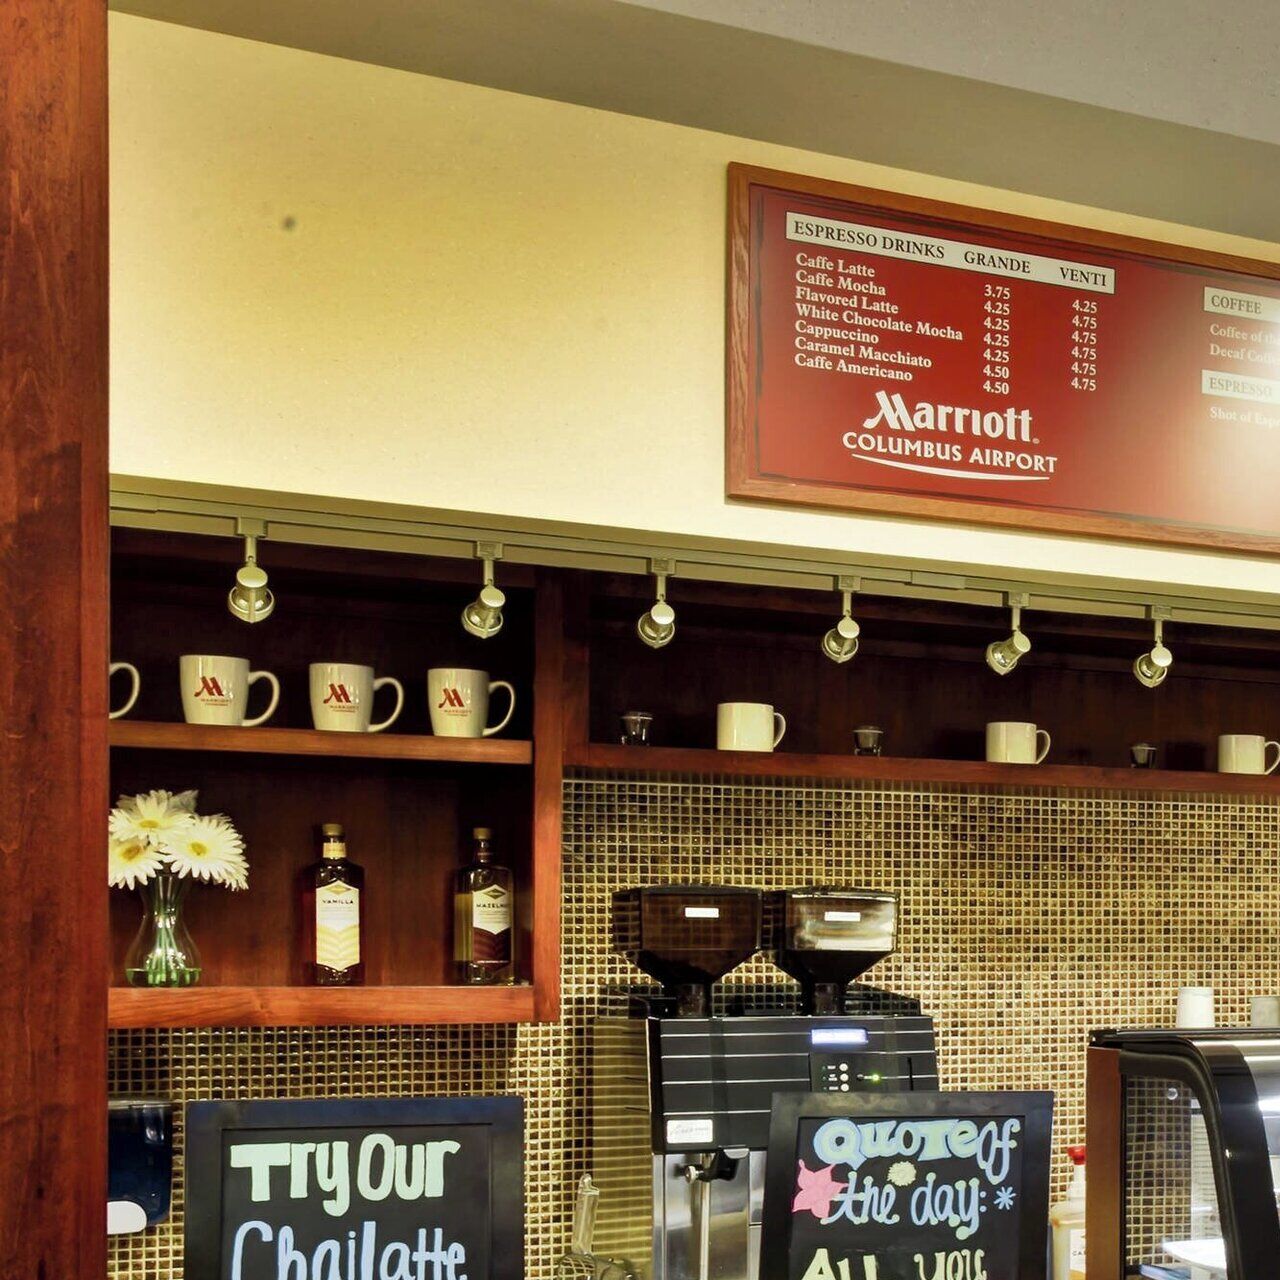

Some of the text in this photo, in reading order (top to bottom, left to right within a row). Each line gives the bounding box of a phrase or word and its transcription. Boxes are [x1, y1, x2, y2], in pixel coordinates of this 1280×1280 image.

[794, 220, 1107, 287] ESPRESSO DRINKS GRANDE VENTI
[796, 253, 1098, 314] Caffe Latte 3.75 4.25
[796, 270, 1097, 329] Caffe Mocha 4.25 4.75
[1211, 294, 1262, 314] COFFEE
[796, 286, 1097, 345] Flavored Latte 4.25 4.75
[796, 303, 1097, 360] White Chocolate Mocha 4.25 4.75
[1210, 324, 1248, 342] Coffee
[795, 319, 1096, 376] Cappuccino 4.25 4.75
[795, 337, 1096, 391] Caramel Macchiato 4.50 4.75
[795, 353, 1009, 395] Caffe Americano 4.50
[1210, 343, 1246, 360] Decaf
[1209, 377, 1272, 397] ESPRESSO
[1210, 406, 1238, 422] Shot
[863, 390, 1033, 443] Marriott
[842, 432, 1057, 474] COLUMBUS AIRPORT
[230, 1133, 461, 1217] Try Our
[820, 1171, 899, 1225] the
------------------------------
TASK OBJECTIVE: A verbatim copy of every entry above, with no pictures, is the expected output.

TASK RESPONSE:
Some of the text in this photo, in reading order (top to bottom, left to right within a row). Each line gives the bounding box of a phrase or word and its transcription. Boxes are [x1, y1, x2, y2], in pixel coordinates of this 1280×1280 image.

[794, 220, 1107, 287] ESPRESSO DRINKS GRANDE VENTI
[796, 253, 1098, 314] Caffe Latte 3.75 4.25
[796, 270, 1097, 329] Caffe Mocha 4.25 4.75
[1211, 294, 1262, 314] COFFEE
[796, 286, 1097, 345] Flavored Latte 4.25 4.75
[796, 303, 1097, 360] White Chocolate Mocha 4.25 4.75
[1210, 324, 1248, 342] Coffee
[795, 319, 1096, 376] Cappuccino 4.25 4.75
[795, 337, 1096, 391] Caramel Macchiato 4.50 4.75
[795, 353, 1009, 395] Caffe Americano 4.50
[1210, 343, 1246, 360] Decaf
[1209, 377, 1272, 397] ESPRESSO
[1210, 406, 1238, 422] Shot
[863, 390, 1033, 443] Marriott
[842, 432, 1057, 474] COLUMBUS AIRPORT
[230, 1133, 461, 1217] Try Our
[820, 1171, 899, 1225] the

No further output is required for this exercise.